Content starts

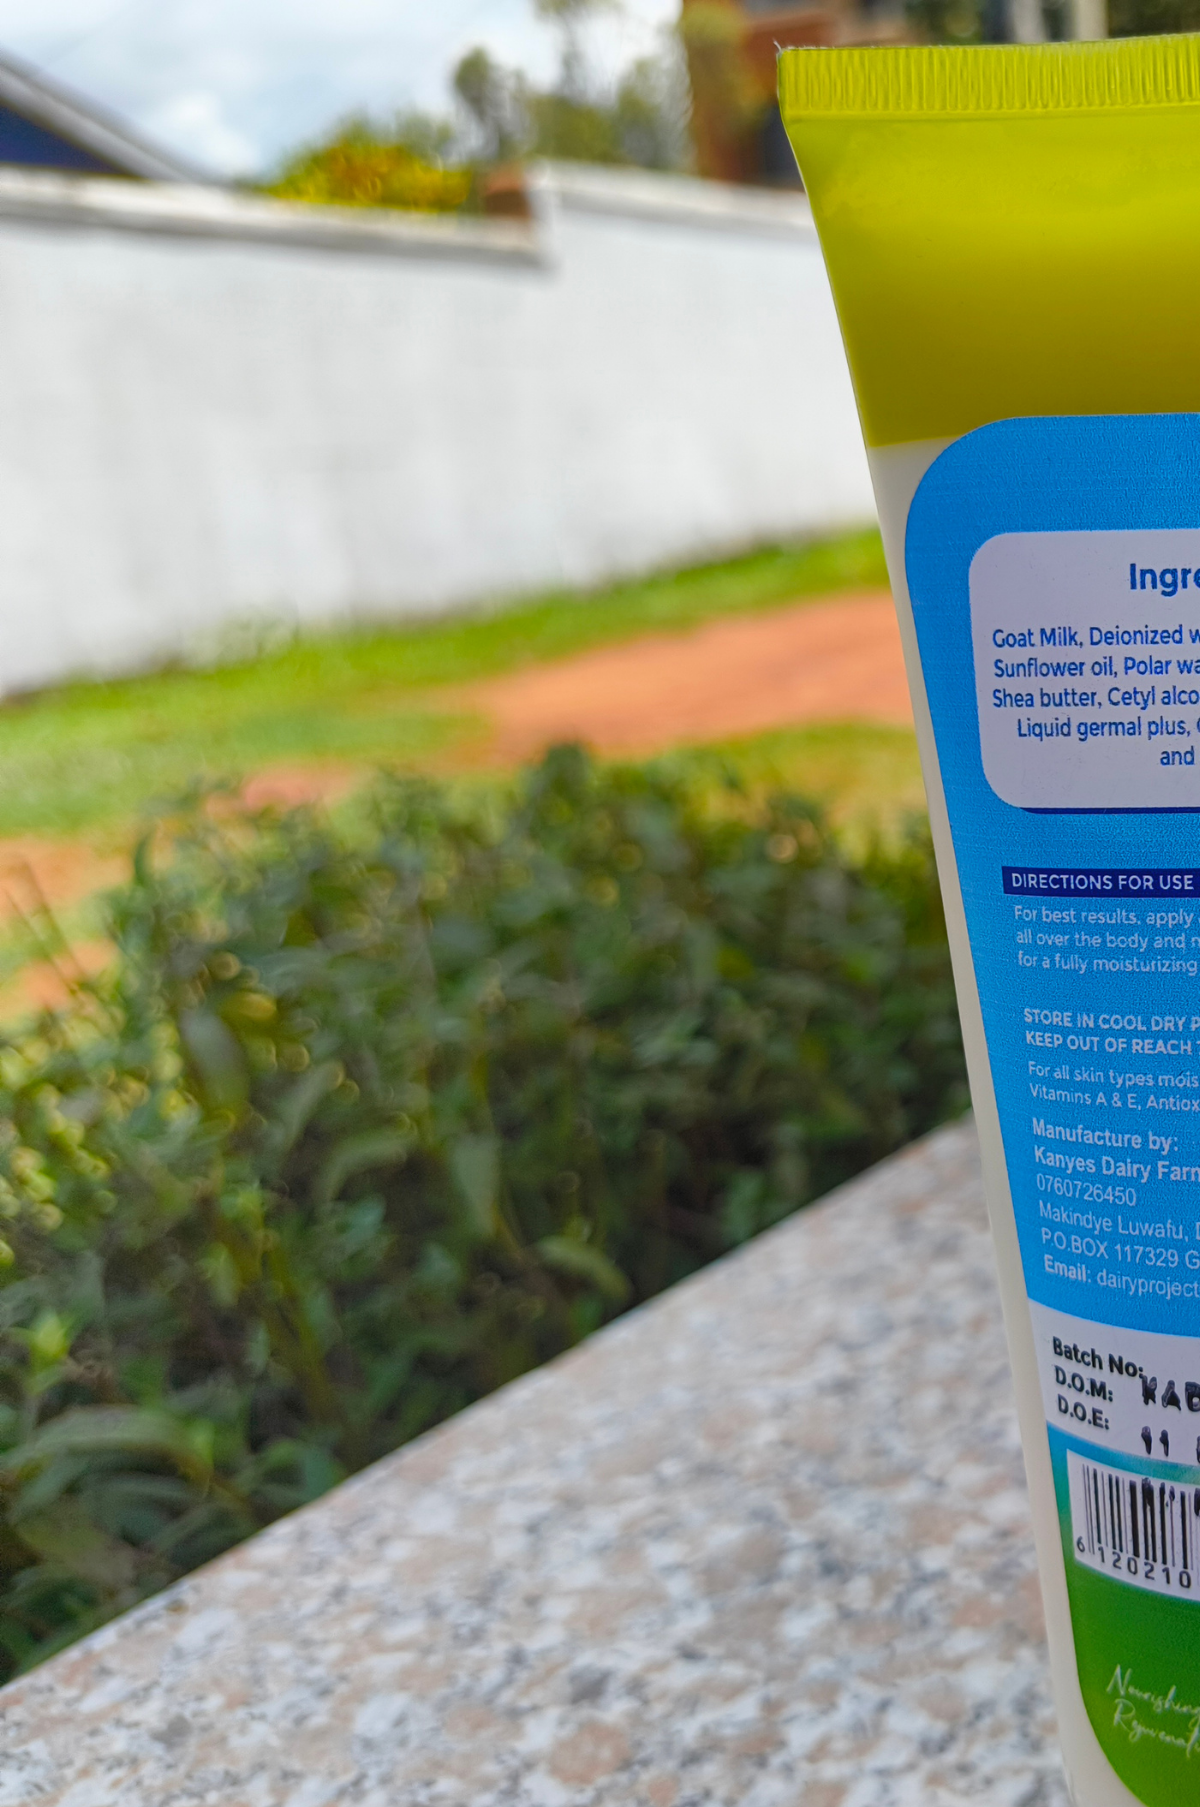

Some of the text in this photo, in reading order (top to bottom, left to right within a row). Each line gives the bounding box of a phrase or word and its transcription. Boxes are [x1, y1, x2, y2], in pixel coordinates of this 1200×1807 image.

[992, 628, 1035, 648] Goat
[1040, 627, 1083, 648] Milk,
[1089, 624, 1183, 646] Deionized
[994, 657, 1085, 678] Sunflower
[1091, 656, 1118, 677] oil,
[1124, 655, 1171, 676] Polar
[992, 688, 1034, 708] Shea
[1040, 688, 1102, 709] butter,
[1107, 686, 1156, 710] Cetyl
[1018, 718, 1071, 741] Liquid
[1077, 716, 1141, 742] germal
[1148, 716, 1191, 740] plus,
[1160, 746, 1195, 766] and
[1011, 873, 1195, 890] DIRECTIONS FOR USE
[1014, 905, 1037, 921] For
[1042, 906, 1076, 923] best
[1146, 910, 1194, 928] apply
[1016, 929, 1032, 944] all
[1036, 934, 1070, 946] over
[1075, 933, 1101, 948] the
[1106, 932, 1148, 952] body
[1153, 933, 1185, 948] and
[1018, 950, 1037, 967] for
[1042, 956, 1050, 968] a
[1054, 953, 1088, 974] fully
[1093, 956, 1197, 976] moisturizing
[1023, 1007, 1072, 1028] STORE
[1077, 1012, 1094, 1028] IN
[1098, 1014, 1147, 1032] COOL
[1151, 1016, 1186, 1032] DRY
[1025, 1030, 1063, 1048] KEEP
[1067, 1035, 1099, 1052] OUT
[1104, 1037, 1127, 1053] OF
[1131, 1039, 1192, 1055] REACH
[1028, 1060, 1050, 1078] For
[1053, 1064, 1069, 1080] all
[1073, 1066, 1104, 1083] skin
[1108, 1069, 1154, 1089] types
[1029, 1082, 1092, 1105] Vitamins
[1096, 1092, 1107, 1106] A
[1111, 1092, 1122, 1107] &
[1032, 1117, 1179, 1155] Manufacture by:
[1034, 1145, 1096, 1174] Kanyes
[1101, 1156, 1151, 1183] Dairy
[1036, 1173, 1137, 1207] 0760726450
[1039, 1199, 1113, 1235] Makindye
[1118, 1215, 1188, 1242] Luwafu,
[1044, 1254, 1091, 1283] Email:
[1114, 1244, 1179, 1268] 117329
[1052, 1335, 1144, 1379] Batch No:
[1054, 1364, 1113, 1402] D.O.M:
[1057, 1393, 1109, 1430] D.O.E:
[1076, 1536, 1086, 1553] 6
[1098, 1546, 1192, 1590] 120210

Content ends

- WORK INSTRUCTION:
In the material above, repeat each entry exactly and omit every picture.

- RESULT:
Some of the text in this photo, in reading order (top to bottom, left to right within a row). Each line gives the bounding box of a phrase or word and its transcription. Boxes are [x1, y1, x2, y2], in pixel coordinates of this 1200×1807 image.

[992, 628, 1035, 648] Goat
[1040, 627, 1083, 648] Milk,
[1089, 624, 1183, 646] Deionized
[994, 657, 1085, 678] Sunflower
[1091, 656, 1118, 677] oil,
[1124, 655, 1171, 676] Polar
[992, 688, 1034, 708] Shea
[1040, 688, 1102, 709] butter,
[1107, 686, 1156, 710] Cetyl
[1018, 718, 1071, 741] Liquid
[1077, 716, 1141, 742] germal
[1148, 716, 1191, 740] plus,
[1160, 746, 1195, 766] and
[1011, 873, 1195, 890] DIRECTIONS FOR USE
[1014, 905, 1037, 921] For
[1042, 906, 1076, 923] best
[1146, 910, 1194, 928] apply
[1016, 929, 1032, 944] all
[1036, 934, 1070, 946] over
[1075, 933, 1101, 948] the
[1106, 932, 1148, 952] body
[1153, 933, 1185, 948] and
[1018, 950, 1037, 967] for
[1042, 956, 1050, 968] a
[1054, 953, 1088, 974] fully
[1093, 956, 1197, 976] moisturizing
[1023, 1007, 1072, 1028] STORE
[1077, 1012, 1094, 1028] IN
[1098, 1014, 1147, 1032] COOL
[1151, 1016, 1186, 1032] DRY
[1025, 1030, 1063, 1048] KEEP
[1067, 1035, 1099, 1052] OUT
[1104, 1037, 1127, 1053] OF
[1131, 1039, 1192, 1055] REACH
[1028, 1060, 1050, 1078] For
[1053, 1064, 1069, 1080] all
[1073, 1066, 1104, 1083] skin
[1108, 1069, 1154, 1089] types
[1029, 1082, 1092, 1105] Vitamins
[1096, 1092, 1107, 1106] A
[1111, 1092, 1122, 1107] &
[1032, 1117, 1179, 1155] Manufacture by:
[1034, 1145, 1096, 1174] Kanyes
[1101, 1156, 1151, 1183] Dairy
[1036, 1173, 1137, 1207] 0760726450
[1039, 1199, 1113, 1235] Makindye
[1118, 1215, 1188, 1242] Luwafu,
[1044, 1254, 1091, 1283] Email:
[1114, 1244, 1179, 1268] 117329
[1052, 1335, 1144, 1379] Batch No:
[1054, 1364, 1113, 1402] D.O.M:
[1057, 1393, 1109, 1430] D.O.E:
[1076, 1536, 1086, 1553] 6
[1098, 1546, 1192, 1590] 120210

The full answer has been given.